The Iraq communities was witnesses with high economic growth and social development that ensures positive economic incentive for the country. During the pre-war phase that is 1990, the country Iraq was successful to create positive economic incentive through increasing industrialisation, commercialisation of the agricultural and service sectors as well as enhancing international trade. The leadership and management of the country was efficient to create the country Iraq a famous oil producing and exporting country in the international business which was effective to manage the citizens of Iraq and create values for them through economic growth and social development (Tietenberg and Lewis, 2016). The Iraqi leadership was hereby effective to create employment in the country and provided a scope to the citizens to gain higher through employment and improve engagement with the international trade to enhance positive economic growth which was considered as positive incentive in the society of Iraq. Pre-war phase was effective where the country was successful in developing their society and enhancing economic growth as well as making strong relation with UAE, Kuwait and Saudi Arabia, ensure industrialisation and urbanisation which attracted foreign investment where positive incentives, enhancing industrial performance, prospects in different fields like agriculture and mining and positive outcome for the citizens of Iraq can be ensured.

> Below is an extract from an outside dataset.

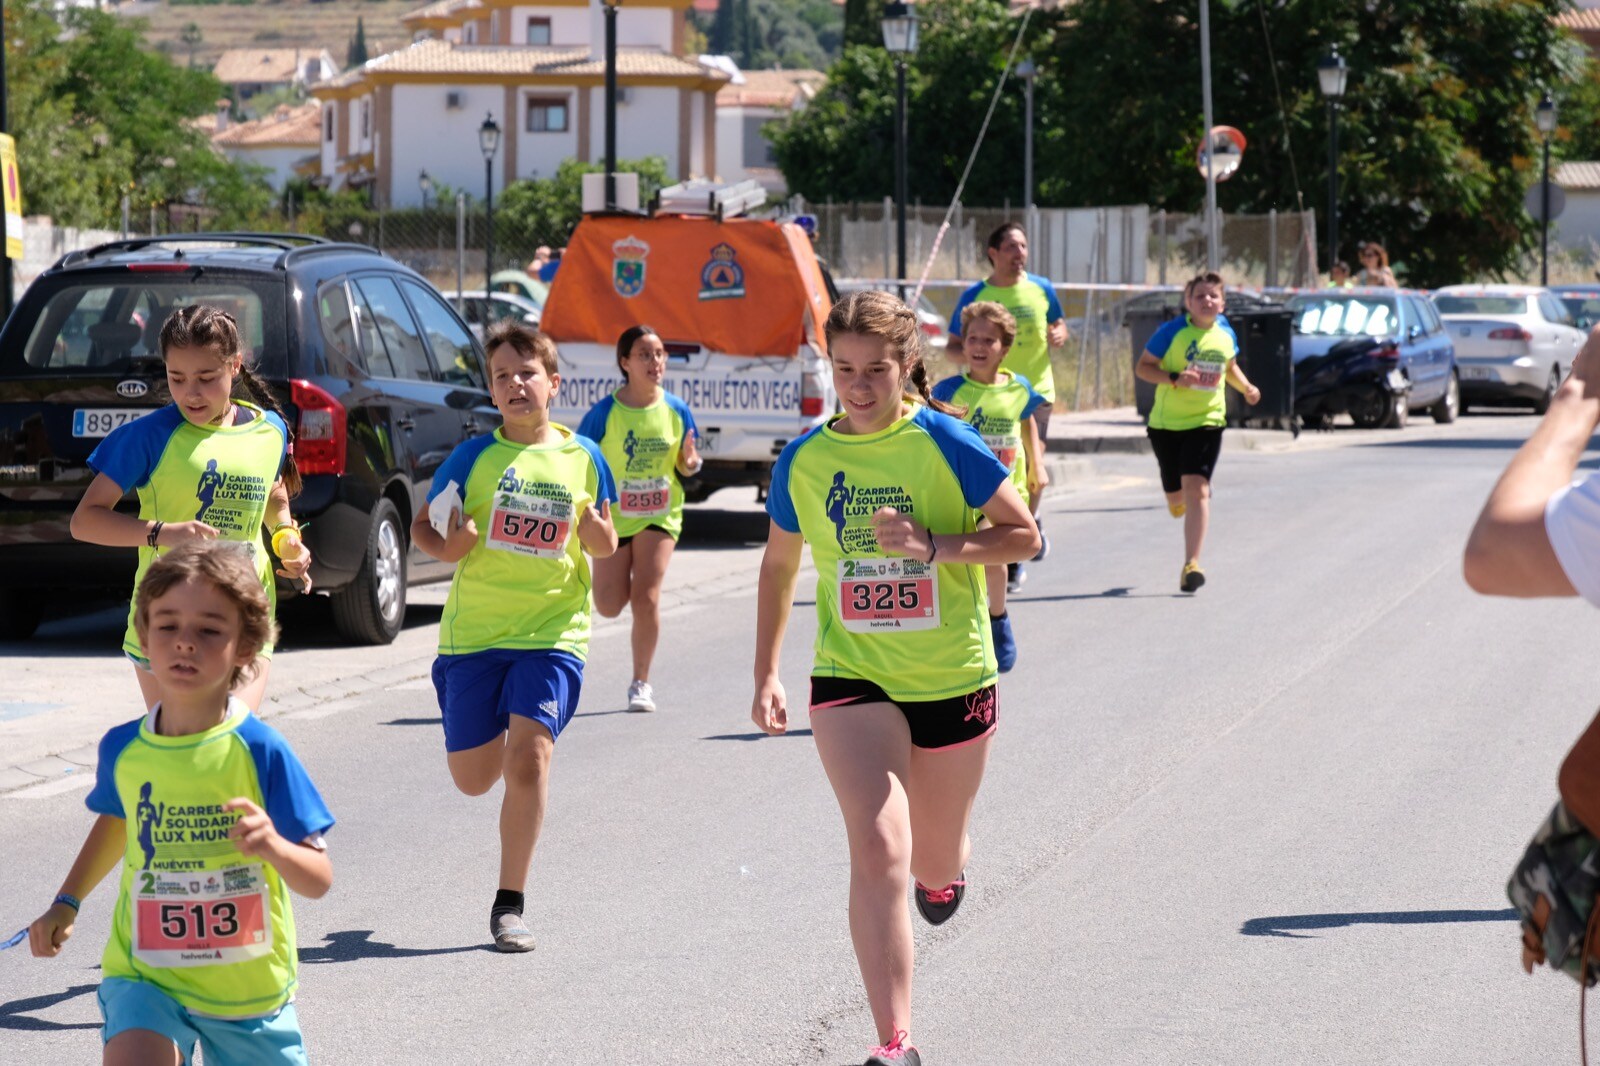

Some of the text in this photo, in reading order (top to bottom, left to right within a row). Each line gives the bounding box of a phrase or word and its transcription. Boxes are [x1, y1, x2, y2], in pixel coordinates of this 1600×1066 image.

During the war 1991- 2003, the country has faced lots of challenges as there was lack of foreign investment, low economic growth and poor international trade due to instability on political situation and war which was considered as negative economic incentive in the country that worsen the economy and social development of the country becoming an economic block in the Gulf nations. Iraq can establish their economy, but the situation of war deteriorates the country’s position and the leaders failed to make the economy strong. political instability, deterioration of social development, negative economic growth and internal imbalances are the results of such war which worse the economy of Iraq. Hereby, the positive economic incentive is good for the country and the social communities as a whole to be encouraged and motivated to conduct their responsibilities in the society and be rewarded. The positive economic incentive is effective for the country Iraq to enhance positive outcome for the citizens of Iraq which the positive economic incentive cannot. The positive economic incentive can provide better economy where the negative economic incentive cannot and thus it is effective for the countries to follow and ensure positive economic incentive and avoid the negative incentive for making the nation better and providing an opportunity to sustainable economic growth and social development.

Reference List

  • Armstrong, C.S., Blouin, J.L., Jagolinzer, A.D. and Larcker, D.F., 2015. Corporate governance, incentives, and tax avoidance. Journal of Accounting and Economics, 60(1), pp.1-17.

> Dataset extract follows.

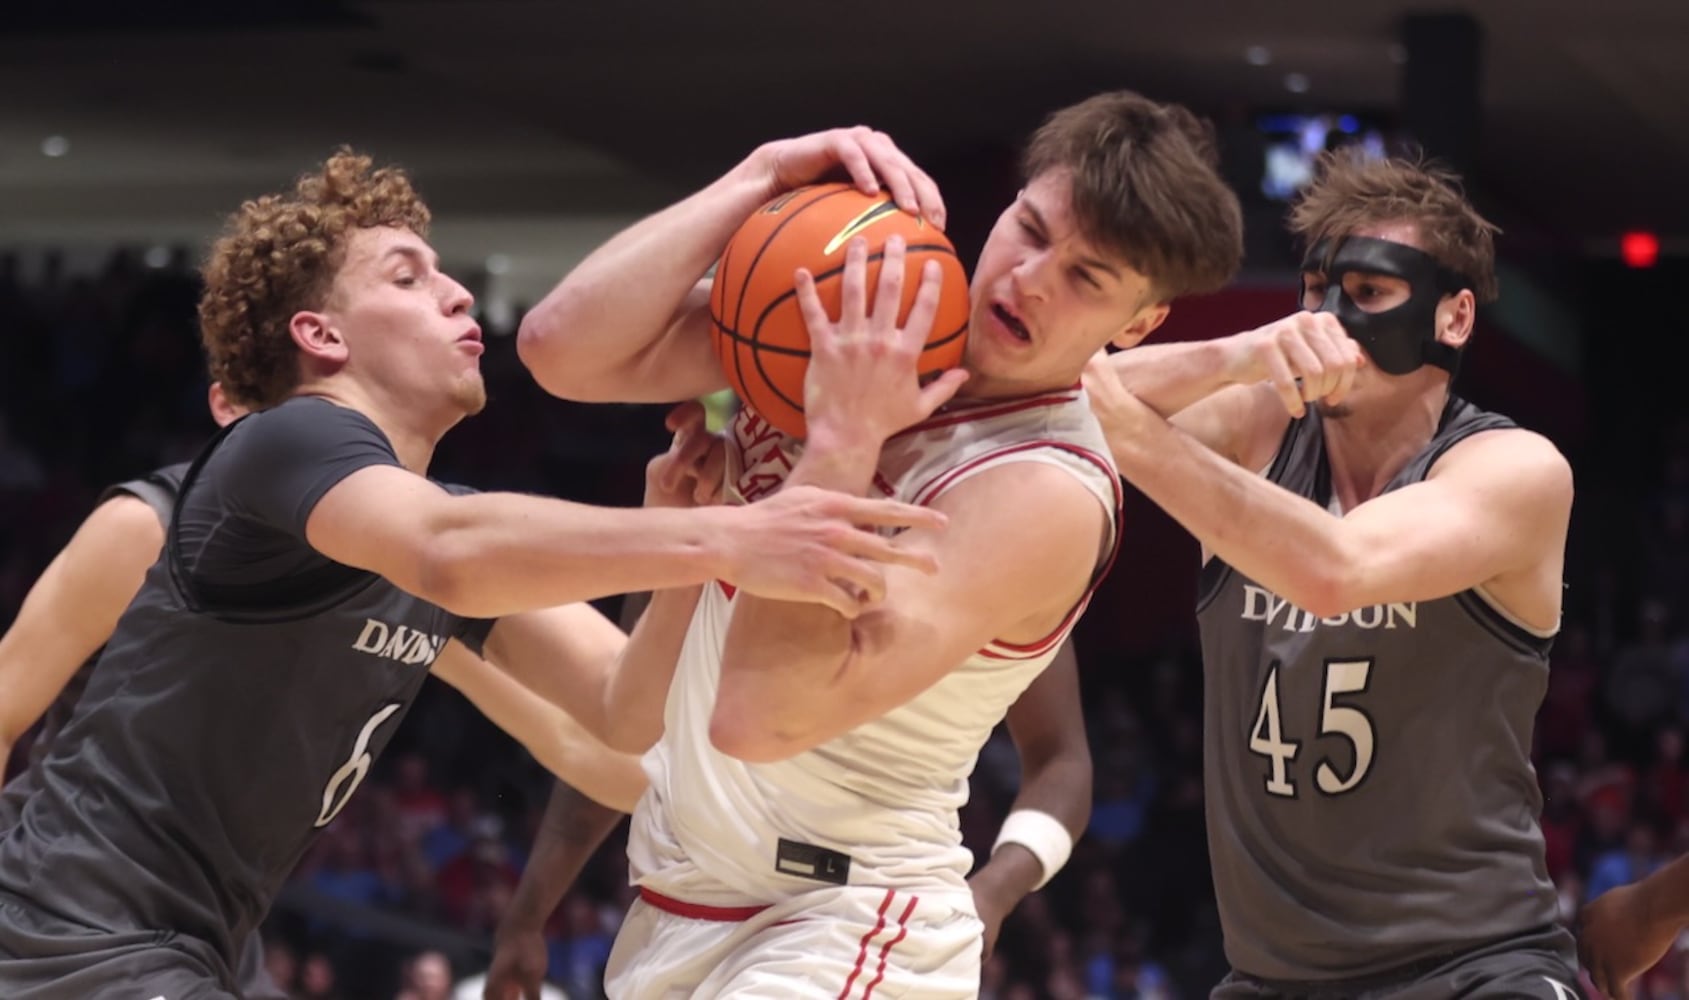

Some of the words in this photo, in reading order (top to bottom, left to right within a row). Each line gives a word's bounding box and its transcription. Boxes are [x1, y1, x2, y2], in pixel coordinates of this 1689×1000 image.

[313, 703, 400, 828] 6
[1249, 660, 1374, 796] 45
[826, 857, 835, 873] L

  • Levy, J. S., 2015. Counterfactuals, Causal Inference, and Historical Analysis. Security Studies, 24(3), pp. 378-402. DOI: 10.1080/09636412.2015.1070602 Rode, J., Gómez-Baggethun, E. and Krause, T., 2015. Motivation crowding by economic incentives in conservation policy: A review of the empirical evidence. Ecological Economics, 117, pp.270-282.
  • Tietenberg, T.H. and Lewis, L., 2016. Environmental and natural resource economics. Routledge.